One day Chatbot went to paliament
The politicians all when oh ahhh because they understood fuck all
and then they fucked everyone
the end
Jake age 6.5
We've got Pepper at my office. She replaced two receptionists. Yes you have to pre-program her, but she can totally carry on conversations about all your basic office needs. She can notify you if you have a visitor, tell stories to kids, recommend places to eat, give directions to the bathroom etc etc.
and fix this once and for a!! Off with heads! And check for watches!
Perhaps they can dispense mental health advice to MP's, who have been busy using Brexit to destroy the UK.
Robot: Always with the big questions.
Robot: Don't worry if I got full Terminator.
Robot: I’ll be good to you.
Robot: Warm and safe in my open-range UK zoo.
Domestic spying is now "Benign Information Gathering"
Wonder what is next.
Most ACs are not even worth the keystrokes to insult them. Be generically insulted by this and ignored otherwise.

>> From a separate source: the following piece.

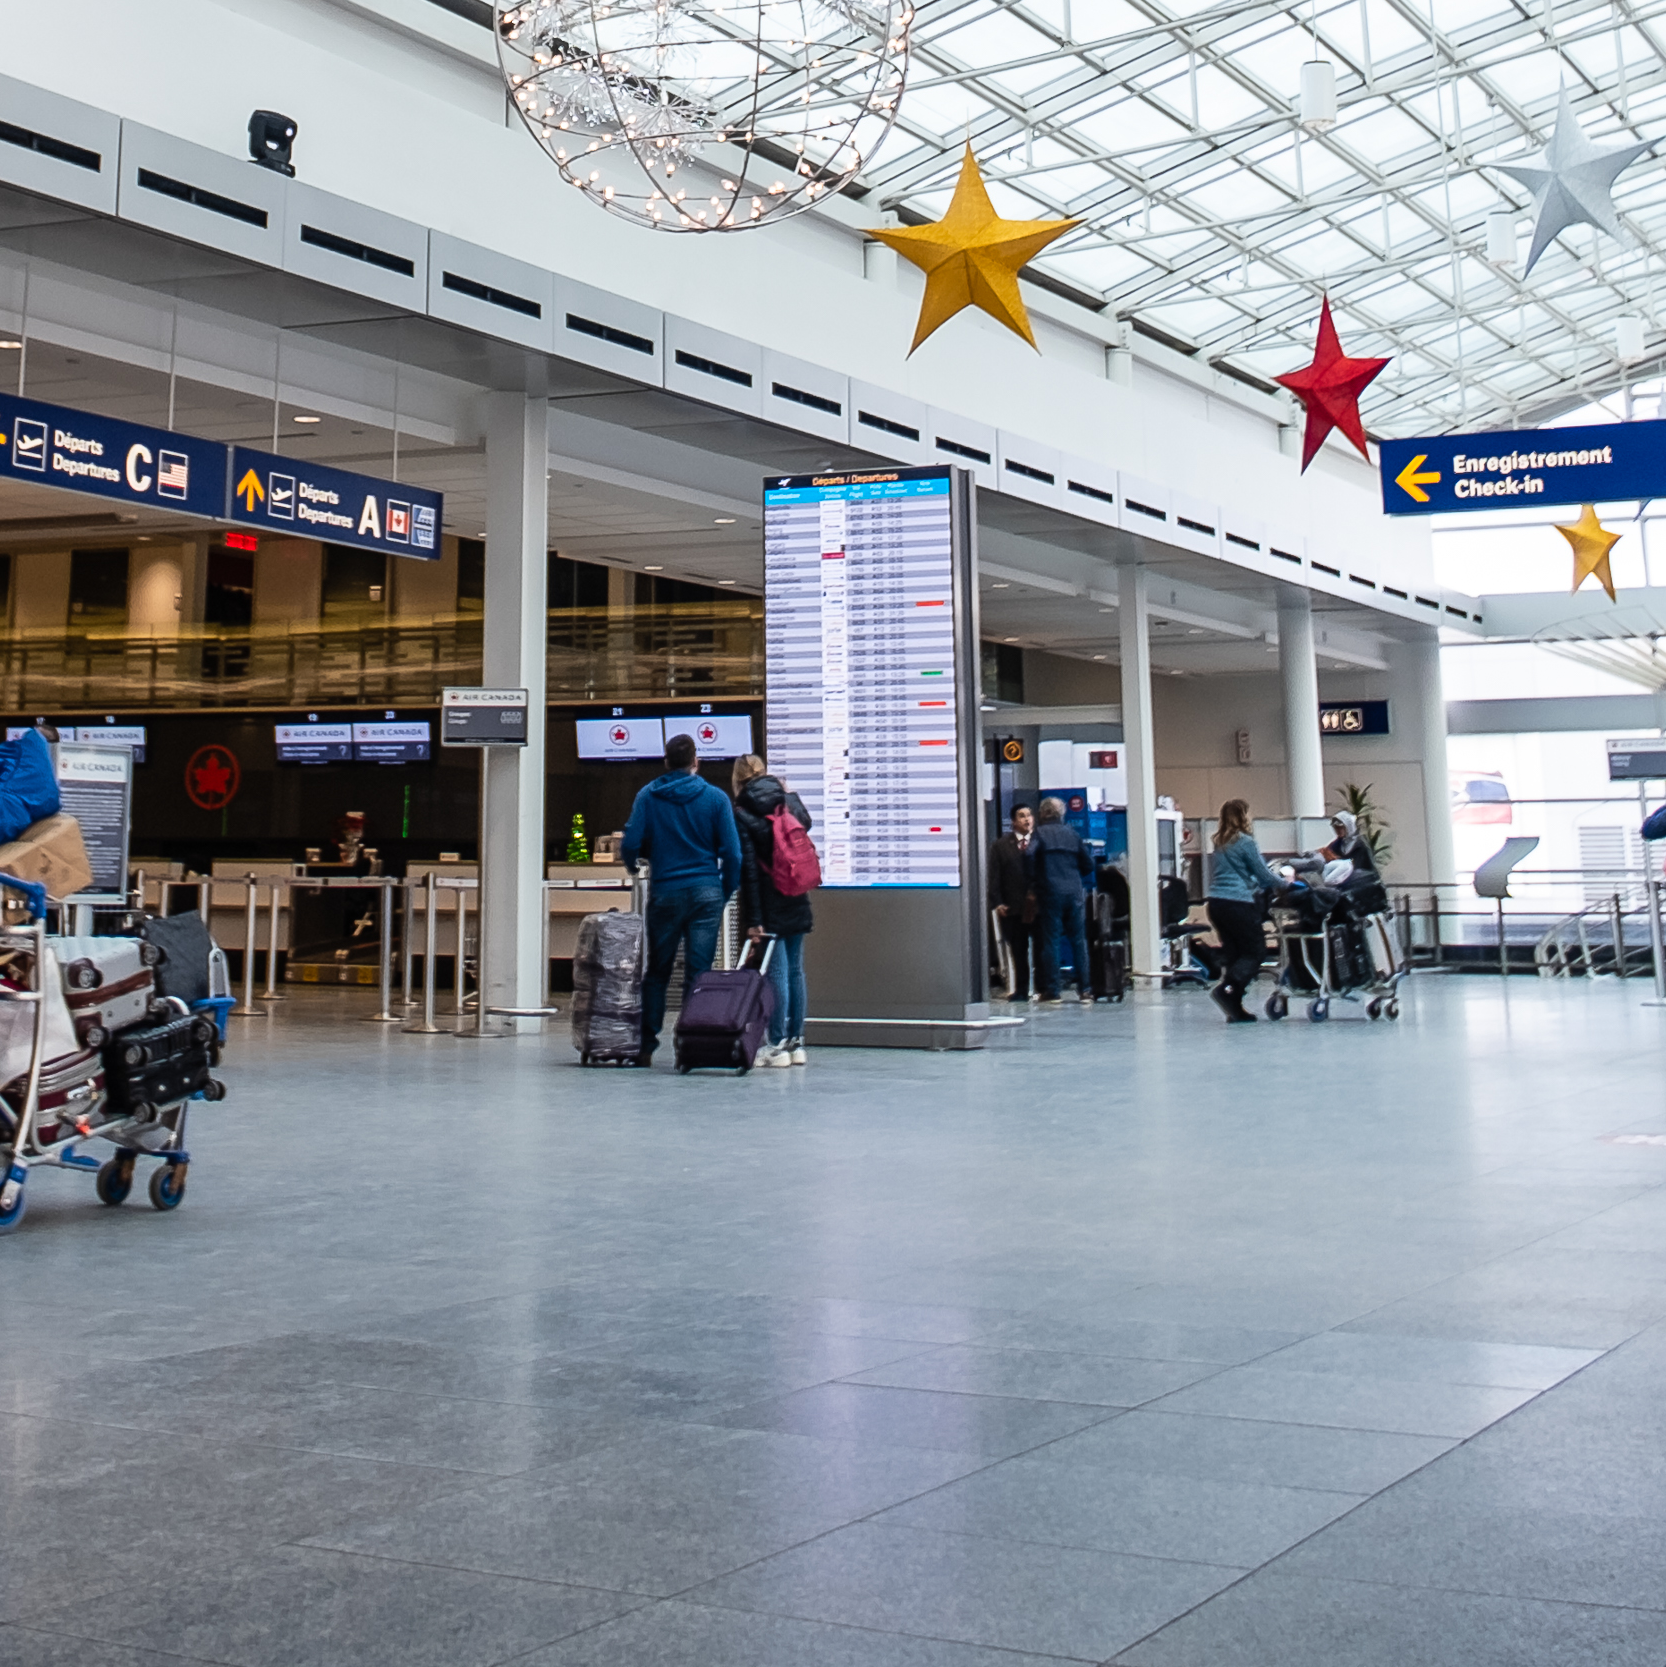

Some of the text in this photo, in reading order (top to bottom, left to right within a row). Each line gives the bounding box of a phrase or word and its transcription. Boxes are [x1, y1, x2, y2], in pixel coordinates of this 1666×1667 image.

We're also going to automate the policy-making, deliberation, voting, execution, and judgment. We will have governments run exclusively by robot politicians backed by robot staffers, which, like their human predecessors, will smear each other, make false accusations, use emotion-laced arguments for everything, perform their duties in corrupt and scandalous ways, and see to it that accountability remains subservient to partisan objectives. Only they'll be faster, more efficient and more zealous about it.
I trust robots more than I trust liberals.
This could have been an episode of Matlock, the lawyer TV show from a few decades ago. While I don't recall Matlock bringing a robot into the courtroom, he did have a cooking demonstration done in court and he once used a dog as a witness. Matlock, with a fictional American law degree and license, also had an episode where he practiced law in the UK! Unrealistic.